Mais voilà notre arrêt qui m'arrache à ma rêverie, et ta main qui m'en tire définitivement, me sortant de l'espace étouffant de la grande gare.

Tu m'amène à un cinéma, et me montre en souriant des billets électroniques sur ton téléphones. On s'enregistre, on nous donne le numéros de notre salle, on se questionne longuement sur la nécessité d'acheter un paquet de pop corn si c'était pour perdre autant d'argent. On finit par s'asseoir dans des sièges matelassés, presque seuls dans une salle baignée dans la lumière de l'écran. S'ensuivent des heures de rediffusion d'un concert. La musique est bonne, mais tout l'intérêt est disparue, si ce n'est pour les différents plans sur le chanteur, la scène, la foule, qui ne réussissent néanmoins pas à convaincre la partie de moi concentré dessus. Le reste était tout dirigé vers tes doigts, posé sur ma main, traçant des cercles et des traits pour un dessin éthéré, dans un de ces gestes sensuels dont je t'avais déjà parlé, cette catégorie de comportements que j'associe à l'amour comme on peut le décrire en quelques lignes, celui qui est simple, physique, qui, même sans trop de force, arrive à faire le message, à le crier, sur tous les toits de mon corps: « je veux de toi ».

Quand on repart, j'ai les jambes engourdis de tout ce temps passé assis sans trop rien faire, à l'instar de mon encéphale, qui fonctionnait au ralentis.

Je ne sais plus trop comment, on se retrouvait devant chez toi, un grande porte noir, un digicode auréolé de bleu, et mes bafouillements qui ressemblait à un au revoir. Et tu me réponds en me disant vouloir me voir rester. Et moi de te rétorquer que je ne peux me le permettre. Tu ébranles alors ma décision, comme tu sais trop bien le faire, avec tes larmes, tes yeux brillant dans l'obscurité, le silence lourd de la rue, la Lune qui nous mate, au loin, tout ça, c'est trop pour moi.

On monte. À chaque étage, tu laisse échapper un reniflement, qui vient casser le silence de l'immeuble endormi. À chaque étage, je n'ai de cesse de me demander pourquoi je t'aime à ce point, sans jamais arriver à te l'avouer sans que les mots ne se coincent dans ma gorge, ou encore transformés en plaisanteries taquines, dénuées de tout humour à cause de la part de vérité trop grande qui s'y retrouvaient.

Une porte s'ouvre.

Ton appartement est sale, pas rangé, en bordel. Tu n'allumes pas la lumière, tu dis que la le nuit nous éclaire. 

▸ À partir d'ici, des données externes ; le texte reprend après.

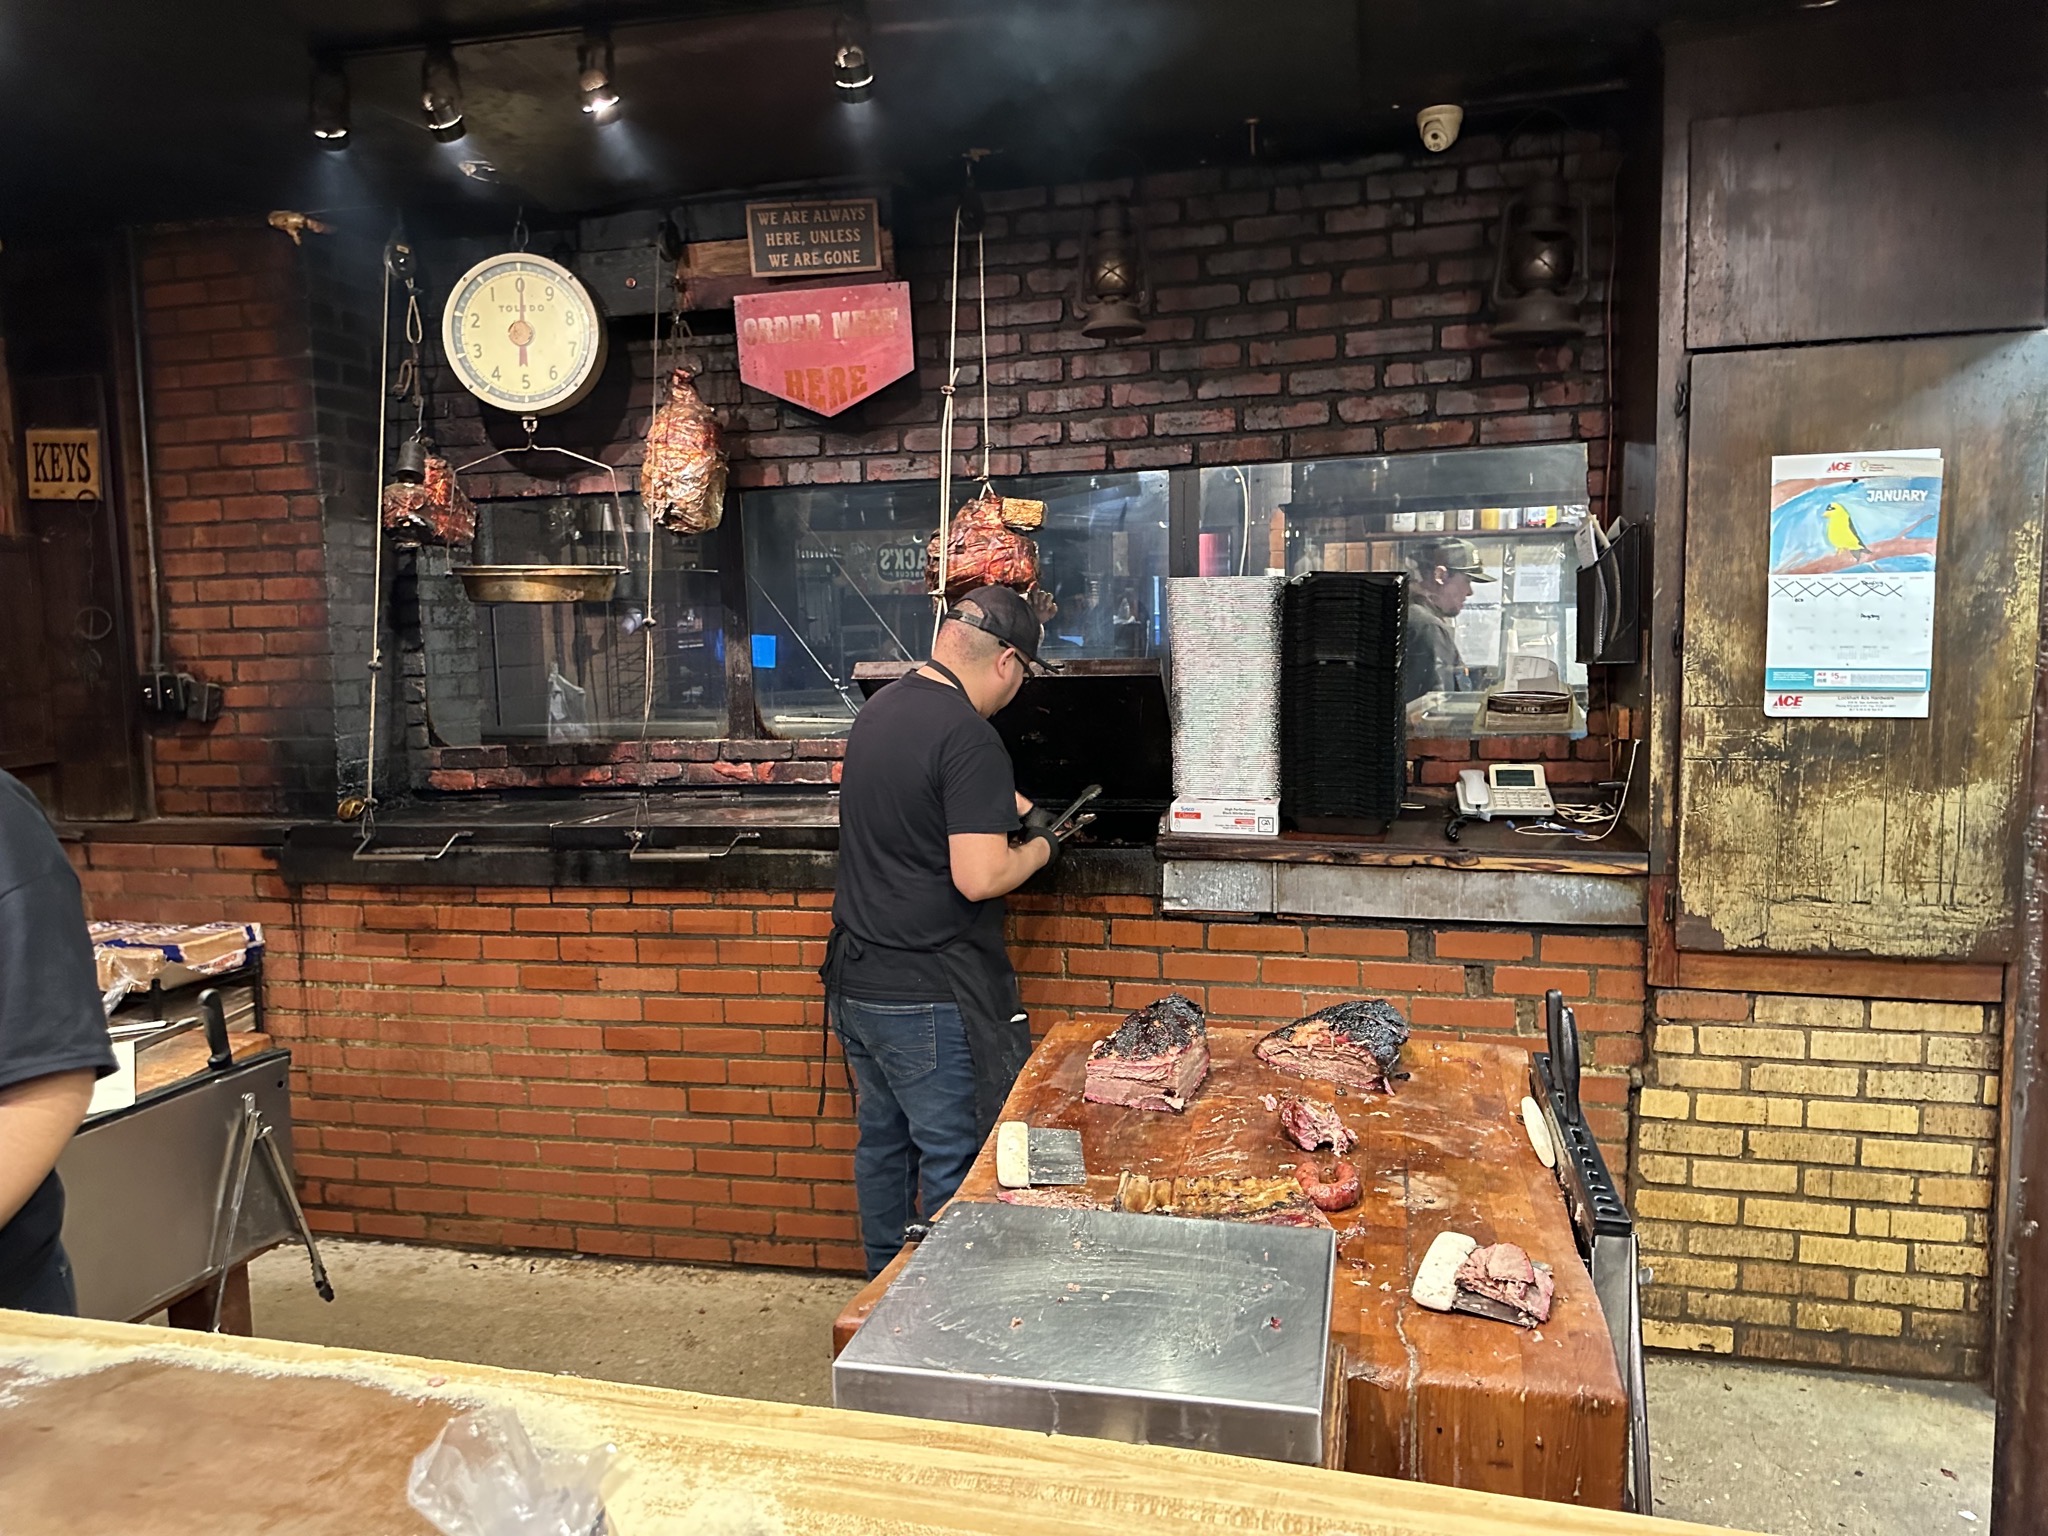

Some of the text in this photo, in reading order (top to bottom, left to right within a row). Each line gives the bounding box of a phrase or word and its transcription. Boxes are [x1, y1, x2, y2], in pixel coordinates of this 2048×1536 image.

[757, 207, 866, 226] WE ARE ALWAYS
[765, 228, 861, 247] HERE, UNLESS
[768, 249, 861, 268] WE ARE GONE
[515, 277, 525, 293] 0
[490, 286, 495, 302] 1
[545, 286, 555, 302] 9
[470, 313, 480, 329] 2
[565, 310, 575, 326] 8
[743, 313, 821, 346] ORDER
[473, 343, 482, 359] 3
[568, 341, 577, 358] 7
[491, 365, 501, 381] 4
[549, 365, 559, 381] 6
[522, 374, 531, 389] 5
[784, 364, 868, 411] HERE
[32, 442, 91, 484] KEYS
[1827, 462, 1852, 473] ACE
[1866, 489, 1929, 503] JANUARY
[1773, 694, 1804, 707] ACE

Les habits viennent rejoindre leurs congénère par terre, et l'on se retrouve nez à nez, dans ton lit trop étroit. Tu caresse mon visage et mon cœur semble vouloir exploser. Il est là, je le sens qui remonte, juste au bout de ma langue. Ile ne suffit pas d'une, mais de quelque centaines de respirations pour te le souffler dans son entièreté, te le vider dans tes oreilles attentives, ne laissant qu'un grand vide en moi, différent du calme, plutôt comme une attente, quelques chose d'indécis, incapable de mouvement, juste d'attendre.

Tu me réponds par un baiser.

Long, silencieux, les yeux fermés.

Physique.

Ce soir là, tu t'endormais, les bras autour de moi.

Ce soir là, je restait les yeux fixés sur le plafond, émerveillé par toutes les lumières des torches, celles qui immolaient tout mes anciens souvenirs, pour être sur que je me rappellerai de tout, jusque dans les dernières secondes de ma vie, des odeurs, des bruits, du ciel, de toi, de toi, mais toujours de toi.